Des patrouilleurs navals s'entraînent à intercepter des infiltrations maritimes
Des patrouilleurs navals quittent la base d'Ashdod, naviguant le long de la côte sud dans les eaux territoriales israéliennes. Les équipages à bord s'exercent à diverses manœuvres : sécurisation, mise à l'eau et récupération de bateaux pneumatiques, remorquage, et bien plus encore. Cette tranquillité est interrompue par un appel radio : « Plusieurs bateaux ennemis ont franchi la frontière maritime, et votre mission est d'arrêter l'attaque. »
C'est ainsi qu'a débuté la semaine dernière l'entraînement des combattants de l'unité commando « Trigon ». L'exercice visait à simuler un scénario d'urgence et à assurer une haute disponibilité pour y faire face – ce qui a, bien sûr, été testé avec une surprise totale. « Notre mission en tant que commandants est de former l'équipage et d'affiner les procédures en temps réel, mais même nous avons été surpris par la simulation, et nous ne savions pas d'où l'ennemi allait naviguer ni vers où », admet le capitaine Sh', commandant d'un patrouilleur de la flottille 916, qui a participé à l'exercice.

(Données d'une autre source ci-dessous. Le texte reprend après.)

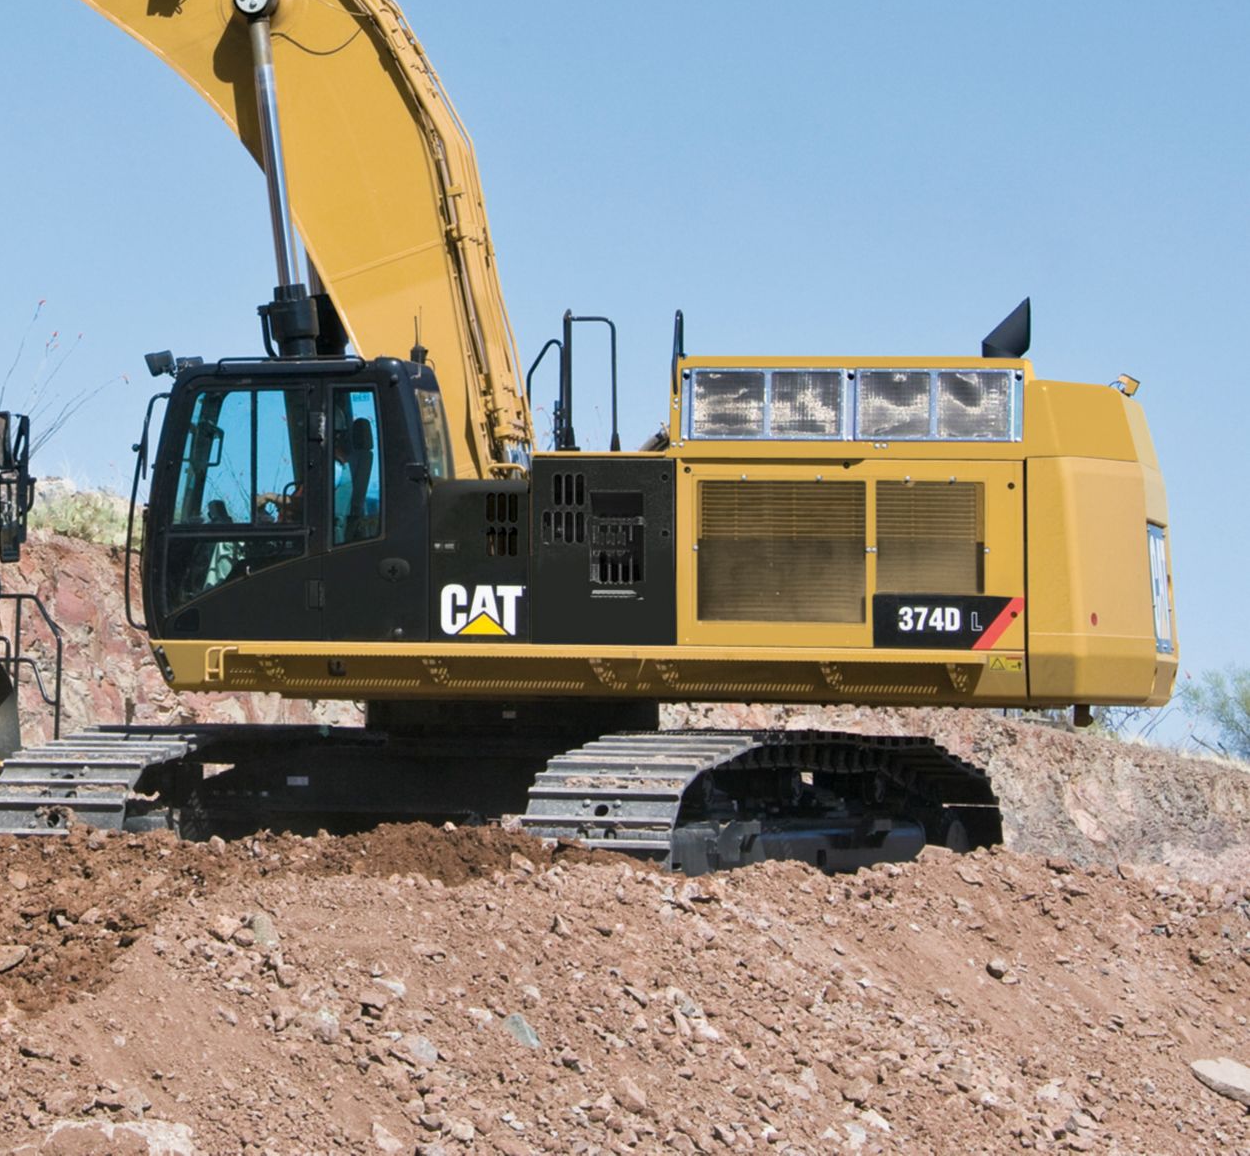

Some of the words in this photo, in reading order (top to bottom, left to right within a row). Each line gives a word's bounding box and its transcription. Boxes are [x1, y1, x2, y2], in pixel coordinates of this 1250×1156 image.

Ces petits bateaux mis à l'eau avant l'incident ont également joué un rôle unique dans l'exercice de l'unité commando. « Ces bateaux simulaient l'« équipe rouge » qui s'est infiltrée dans nos eaux territoriales », explique-t-elle.
Cette partie de l'exercice s'est concentrée sur l'identification et l'atteinte d'une cible, ainsi que sur la neutralisation d'une cible mobile. « En réalité, presque aucune cible ne reste immobile – tirer sur un objet en mouvement illustre donc vivement la réalité opérationnelle. C'est une capacité difficile sur laquelle nous avons fortement insisté lors de l'entraînement », explique le sergent A., un combattant de la flottille 916.
Les exercices de tir se sont poursuivis plus tard dans l'exercice, lorsque des informations ont été reçues concernant une menace sur la côte – que les équipages devaient neutraliser. « Approcher une telle situation nécessite une coordination rapide du renseignement (Centre de renseignement de combat) qui synchronise tous les moyens », explique le commandant.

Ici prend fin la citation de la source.